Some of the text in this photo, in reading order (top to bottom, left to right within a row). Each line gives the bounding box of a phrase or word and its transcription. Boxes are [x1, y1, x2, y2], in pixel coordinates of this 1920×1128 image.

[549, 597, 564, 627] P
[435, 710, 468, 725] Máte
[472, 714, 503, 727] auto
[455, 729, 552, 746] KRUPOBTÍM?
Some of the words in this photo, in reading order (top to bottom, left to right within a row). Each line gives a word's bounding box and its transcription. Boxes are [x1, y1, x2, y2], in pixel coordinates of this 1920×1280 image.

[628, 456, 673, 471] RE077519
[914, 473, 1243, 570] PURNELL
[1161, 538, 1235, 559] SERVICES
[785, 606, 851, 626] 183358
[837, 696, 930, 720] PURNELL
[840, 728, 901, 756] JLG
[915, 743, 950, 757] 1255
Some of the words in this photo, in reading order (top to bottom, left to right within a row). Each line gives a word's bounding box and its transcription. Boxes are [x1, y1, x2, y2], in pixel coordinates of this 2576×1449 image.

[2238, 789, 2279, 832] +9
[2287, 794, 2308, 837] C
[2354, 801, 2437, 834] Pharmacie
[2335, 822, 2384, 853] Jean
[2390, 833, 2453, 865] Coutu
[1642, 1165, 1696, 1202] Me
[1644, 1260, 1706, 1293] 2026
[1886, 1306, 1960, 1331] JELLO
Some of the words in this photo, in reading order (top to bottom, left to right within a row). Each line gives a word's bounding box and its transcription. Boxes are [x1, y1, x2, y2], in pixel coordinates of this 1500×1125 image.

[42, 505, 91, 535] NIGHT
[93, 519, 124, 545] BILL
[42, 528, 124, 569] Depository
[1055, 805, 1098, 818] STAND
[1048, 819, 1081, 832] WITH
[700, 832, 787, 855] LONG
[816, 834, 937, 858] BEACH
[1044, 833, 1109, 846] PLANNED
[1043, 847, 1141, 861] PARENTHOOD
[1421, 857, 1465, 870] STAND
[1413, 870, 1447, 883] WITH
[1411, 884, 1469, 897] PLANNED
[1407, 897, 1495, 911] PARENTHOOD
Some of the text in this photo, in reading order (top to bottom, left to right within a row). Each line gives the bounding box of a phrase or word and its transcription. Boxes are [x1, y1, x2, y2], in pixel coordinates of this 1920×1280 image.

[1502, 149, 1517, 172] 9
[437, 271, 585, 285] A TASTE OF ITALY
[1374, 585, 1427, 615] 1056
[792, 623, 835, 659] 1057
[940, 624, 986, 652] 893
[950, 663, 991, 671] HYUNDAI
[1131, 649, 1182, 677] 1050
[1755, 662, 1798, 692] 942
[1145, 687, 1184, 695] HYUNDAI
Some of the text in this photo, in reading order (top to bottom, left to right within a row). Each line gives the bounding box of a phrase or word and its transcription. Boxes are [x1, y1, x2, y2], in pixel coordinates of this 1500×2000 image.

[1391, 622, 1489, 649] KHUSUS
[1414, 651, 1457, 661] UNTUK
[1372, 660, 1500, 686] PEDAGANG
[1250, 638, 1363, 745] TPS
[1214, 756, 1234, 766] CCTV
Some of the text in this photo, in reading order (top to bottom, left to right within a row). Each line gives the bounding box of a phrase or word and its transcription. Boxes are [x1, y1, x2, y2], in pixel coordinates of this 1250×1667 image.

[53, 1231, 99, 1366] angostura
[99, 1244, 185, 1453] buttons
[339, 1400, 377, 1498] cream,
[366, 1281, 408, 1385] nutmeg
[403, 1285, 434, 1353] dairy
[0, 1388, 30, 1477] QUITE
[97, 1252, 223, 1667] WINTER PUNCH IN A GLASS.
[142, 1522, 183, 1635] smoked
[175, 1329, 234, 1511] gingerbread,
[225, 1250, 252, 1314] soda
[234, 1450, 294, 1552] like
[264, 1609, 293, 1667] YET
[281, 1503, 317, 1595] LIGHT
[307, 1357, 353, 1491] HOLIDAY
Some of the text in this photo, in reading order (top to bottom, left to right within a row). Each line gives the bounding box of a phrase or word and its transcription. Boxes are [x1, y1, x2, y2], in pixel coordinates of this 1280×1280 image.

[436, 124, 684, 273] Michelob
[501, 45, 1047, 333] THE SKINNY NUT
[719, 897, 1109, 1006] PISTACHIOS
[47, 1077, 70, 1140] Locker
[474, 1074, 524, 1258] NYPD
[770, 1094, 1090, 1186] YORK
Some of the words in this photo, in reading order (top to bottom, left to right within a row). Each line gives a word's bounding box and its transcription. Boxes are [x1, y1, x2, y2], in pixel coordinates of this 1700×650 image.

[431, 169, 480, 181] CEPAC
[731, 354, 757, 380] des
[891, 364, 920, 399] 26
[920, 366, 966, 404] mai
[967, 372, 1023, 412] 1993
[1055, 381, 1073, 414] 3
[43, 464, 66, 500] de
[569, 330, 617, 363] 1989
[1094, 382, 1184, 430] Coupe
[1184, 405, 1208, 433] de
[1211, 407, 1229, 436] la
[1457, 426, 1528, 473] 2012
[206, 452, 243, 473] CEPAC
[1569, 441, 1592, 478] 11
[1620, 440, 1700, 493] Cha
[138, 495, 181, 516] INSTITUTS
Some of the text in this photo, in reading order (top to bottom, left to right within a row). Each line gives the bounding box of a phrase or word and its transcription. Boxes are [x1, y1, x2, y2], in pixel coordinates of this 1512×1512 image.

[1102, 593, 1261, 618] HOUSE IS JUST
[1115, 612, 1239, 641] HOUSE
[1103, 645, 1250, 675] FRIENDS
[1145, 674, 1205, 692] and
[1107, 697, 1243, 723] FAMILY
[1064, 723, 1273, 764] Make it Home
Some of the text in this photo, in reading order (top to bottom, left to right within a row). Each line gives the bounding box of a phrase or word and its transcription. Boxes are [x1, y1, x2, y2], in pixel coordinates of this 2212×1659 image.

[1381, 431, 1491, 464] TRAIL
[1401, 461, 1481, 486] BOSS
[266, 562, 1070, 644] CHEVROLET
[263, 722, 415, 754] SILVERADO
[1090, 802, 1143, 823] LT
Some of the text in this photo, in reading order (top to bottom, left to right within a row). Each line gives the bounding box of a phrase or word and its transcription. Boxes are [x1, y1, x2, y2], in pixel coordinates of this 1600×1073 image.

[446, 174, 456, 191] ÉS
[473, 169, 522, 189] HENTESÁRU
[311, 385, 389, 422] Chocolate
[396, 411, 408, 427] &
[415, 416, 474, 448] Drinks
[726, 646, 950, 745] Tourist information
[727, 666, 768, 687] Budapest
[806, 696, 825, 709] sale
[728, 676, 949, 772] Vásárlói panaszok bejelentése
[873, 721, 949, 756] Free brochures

WORK TO COMPLETE → Take the lines above and print them exactly.

SOLVED EXERCISE →
Some of the text in this photo, in reading order (top to bottom, left to right within a row). Each line gives the bounding box of a phrase or word and its transcription. Boxes are [x1, y1, x2, y2], in pixel coordinates of this 1920×1128 image.

[549, 597, 564, 627] P
[435, 710, 468, 725] Máte
[472, 714, 503, 727] auto
[455, 729, 552, 746] KRUPOBTÍM?
Some of the words in this photo, in reading order (top to bottom, left to right within a row). Each line gives a word's bounding box and its transcription. Boxes are [x1, y1, x2, y2], in pixel coordinates of this 1920×1280 image.

[628, 456, 673, 471] RE077519
[914, 473, 1243, 570] PURNELL
[1161, 538, 1235, 559] SERVICES
[785, 606, 851, 626] 183358
[837, 696, 930, 720] PURNELL
[840, 728, 901, 756] JLG
[915, 743, 950, 757] 1255
Some of the words in this photo, in reading order (top to bottom, left to right within a row). Each line gives a word's bounding box and its transcription. Boxes are [x1, y1, x2, y2], in pixel coordinates of this 2576×1449 image.

[2238, 789, 2279, 832] +9
[2287, 794, 2308, 837] C
[2354, 801, 2437, 834] Pharmacie
[2335, 822, 2384, 853] Jean
[2390, 833, 2453, 865] Coutu
[1642, 1165, 1696, 1202] Me
[1644, 1260, 1706, 1293] 2026
[1886, 1306, 1960, 1331] JELLO
Some of the words in this photo, in reading order (top to bottom, left to right within a row). Each line gives a word's bounding box and its transcription. Boxes are [x1, y1, x2, y2], in pixel coordinates of this 1500×1125 image.

[42, 505, 91, 535] NIGHT
[93, 519, 124, 545] BILL
[42, 528, 124, 569] Depository
[1055, 805, 1098, 818] STAND
[1048, 819, 1081, 832] WITH
[700, 832, 787, 855] LONG
[816, 834, 937, 858] BEACH
[1044, 833, 1109, 846] PLANNED
[1043, 847, 1141, 861] PARENTHOOD
[1421, 857, 1465, 870] STAND
[1413, 870, 1447, 883] WITH
[1411, 884, 1469, 897] PLANNED
[1407, 897, 1495, 911] PARENTHOOD
Some of the text in this photo, in reading order (top to bottom, left to right within a row). Each line gives the bounding box of a phrase or word and its transcription. Boxes are [x1, y1, x2, y2], in pixel coordinates of this 1920×1280 image.

[1502, 149, 1517, 172] 9
[437, 271, 585, 285] A TASTE OF ITALY
[1374, 585, 1427, 615] 1056
[792, 623, 835, 659] 1057
[940, 624, 986, 652] 893
[950, 663, 991, 671] HYUNDAI
[1131, 649, 1182, 677] 1050
[1755, 662, 1798, 692] 942
[1145, 687, 1184, 695] HYUNDAI
Some of the text in this photo, in reading order (top to bottom, left to right within a row). Each line gives the bounding box of a phrase or word and its transcription. Boxes are [x1, y1, x2, y2], in pixel coordinates of this 1500×2000 image.

[1391, 622, 1489, 649] KHUSUS
[1414, 651, 1457, 661] UNTUK
[1372, 660, 1500, 686] PEDAGANG
[1250, 638, 1363, 745] TPS
[1214, 756, 1234, 766] CCTV
Some of the text in this photo, in reading order (top to bottom, left to right within a row). Each line gives the bounding box of a phrase or word and its transcription. Boxes are [x1, y1, x2, y2], in pixel coordinates of this 1250×1667 image.

[53, 1231, 99, 1366] angostura
[99, 1244, 185, 1453] buttons
[339, 1400, 377, 1498] cream,
[366, 1281, 408, 1385] nutmeg
[403, 1285, 434, 1353] dairy
[0, 1388, 30, 1477] QUITE
[97, 1252, 223, 1667] WINTER PUNCH IN A GLASS.
[142, 1522, 183, 1635] smoked
[175, 1329, 234, 1511] gingerbread,
[225, 1250, 252, 1314] soda
[234, 1450, 294, 1552] like
[264, 1609, 293, 1667] YET
[281, 1503, 317, 1595] LIGHT
[307, 1357, 353, 1491] HOLIDAY
Some of the text in this photo, in reading order (top to bottom, left to right within a row). Each line gives the bounding box of a phrase or word and its transcription. Boxes are [x1, y1, x2, y2], in pixel coordinates of this 1280×1280 image.

[436, 124, 684, 273] Michelob
[501, 45, 1047, 333] THE SKINNY NUT
[719, 897, 1109, 1006] PISTACHIOS
[47, 1077, 70, 1140] Locker
[474, 1074, 524, 1258] NYPD
[770, 1094, 1090, 1186] YORK
Some of the words in this photo, in reading order (top to bottom, left to right within a row). Each line gives a word's bounding box and its transcription. Boxes are [x1, y1, x2, y2], in pixel coordinates of this 1700×650 image.

[431, 169, 480, 181] CEPAC
[731, 354, 757, 380] des
[891, 364, 920, 399] 26
[920, 366, 966, 404] mai
[967, 372, 1023, 412] 1993
[1055, 381, 1073, 414] 3
[43, 464, 66, 500] de
[569, 330, 617, 363] 1989
[1094, 382, 1184, 430] Coupe
[1184, 405, 1208, 433] de
[1211, 407, 1229, 436] la
[1457, 426, 1528, 473] 2012
[206, 452, 243, 473] CEPAC
[1569, 441, 1592, 478] 11
[1620, 440, 1700, 493] Cha
[138, 495, 181, 516] INSTITUTS
Some of the text in this photo, in reading order (top to bottom, left to right within a row). Each line gives the bounding box of a phrase or word and its transcription. Boxes are [x1, y1, x2, y2], in pixel coordinates of this 1512×1512 image.

[1102, 593, 1261, 618] HOUSE IS JUST
[1115, 612, 1239, 641] HOUSE
[1103, 645, 1250, 675] FRIENDS
[1145, 674, 1205, 692] and
[1107, 697, 1243, 723] FAMILY
[1064, 723, 1273, 764] Make it Home
Some of the text in this photo, in reading order (top to bottom, left to right within a row). Each line gives the bounding box of a phrase or word and its transcription. Boxes are [x1, y1, x2, y2], in pixel coordinates of this 2212×1659 image.

[1381, 431, 1491, 464] TRAIL
[1401, 461, 1481, 486] BOSS
[266, 562, 1070, 644] CHEVROLET
[263, 722, 415, 754] SILVERADO
[1090, 802, 1143, 823] LT
Some of the text in this photo, in reading order (top to bottom, left to right within a row). Each line gives the bounding box of a phrase or word and its transcription. Boxes are [x1, y1, x2, y2], in pixel coordinates of this 1600×1073 image.

[446, 174, 456, 191] ÉS
[473, 169, 522, 189] HENTESÁRU
[311, 385, 389, 422] Chocolate
[396, 411, 408, 427] &
[415, 416, 474, 448] Drinks
[726, 646, 950, 745] Tourist information
[727, 666, 768, 687] Budapest
[806, 696, 825, 709] sale
[728, 676, 949, 772] Vásárlói panaszok bejelentése
[873, 721, 949, 756] Free brochures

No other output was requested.